* Dataset entries:
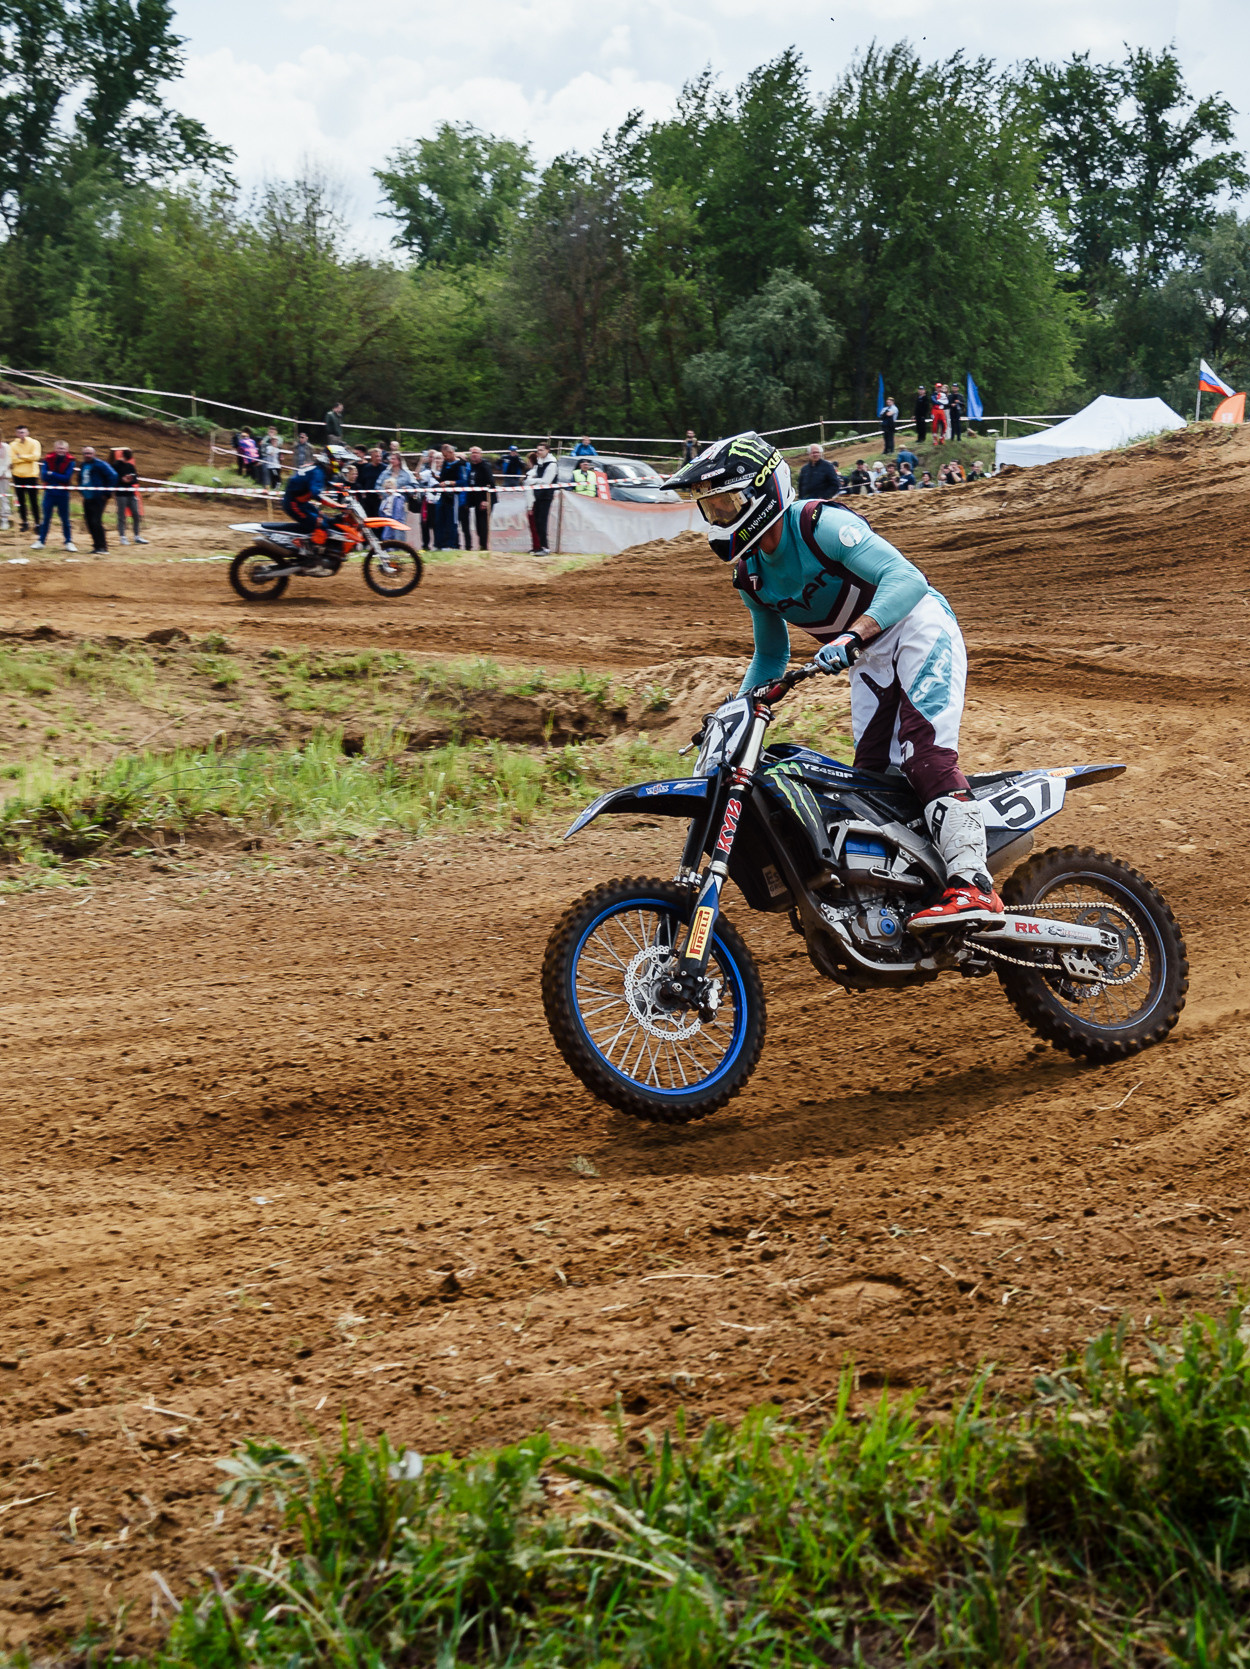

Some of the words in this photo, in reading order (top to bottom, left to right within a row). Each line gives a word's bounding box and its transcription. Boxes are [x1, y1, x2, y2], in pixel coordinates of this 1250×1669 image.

[801, 762, 854, 779] YZ450F
[988, 778, 1051, 828] 57
[716, 798, 742, 855] KYB
[688, 909, 711, 955] PIRELLI
[1014, 922, 1041, 934] RK

* WORK ITEM:
Repeat the records above exactly, without any pictures.

* WRITTEN ANSWER:
Some of the words in this photo, in reading order (top to bottom, left to right within a row). Each line gives a word's bounding box and its transcription. Boxes are [x1, y1, x2, y2], in pixel coordinates of this 1250×1669 image.

[801, 762, 854, 779] YZ450F
[988, 778, 1051, 828] 57
[716, 798, 742, 855] KYB
[688, 909, 711, 955] PIRELLI
[1014, 922, 1041, 934] RK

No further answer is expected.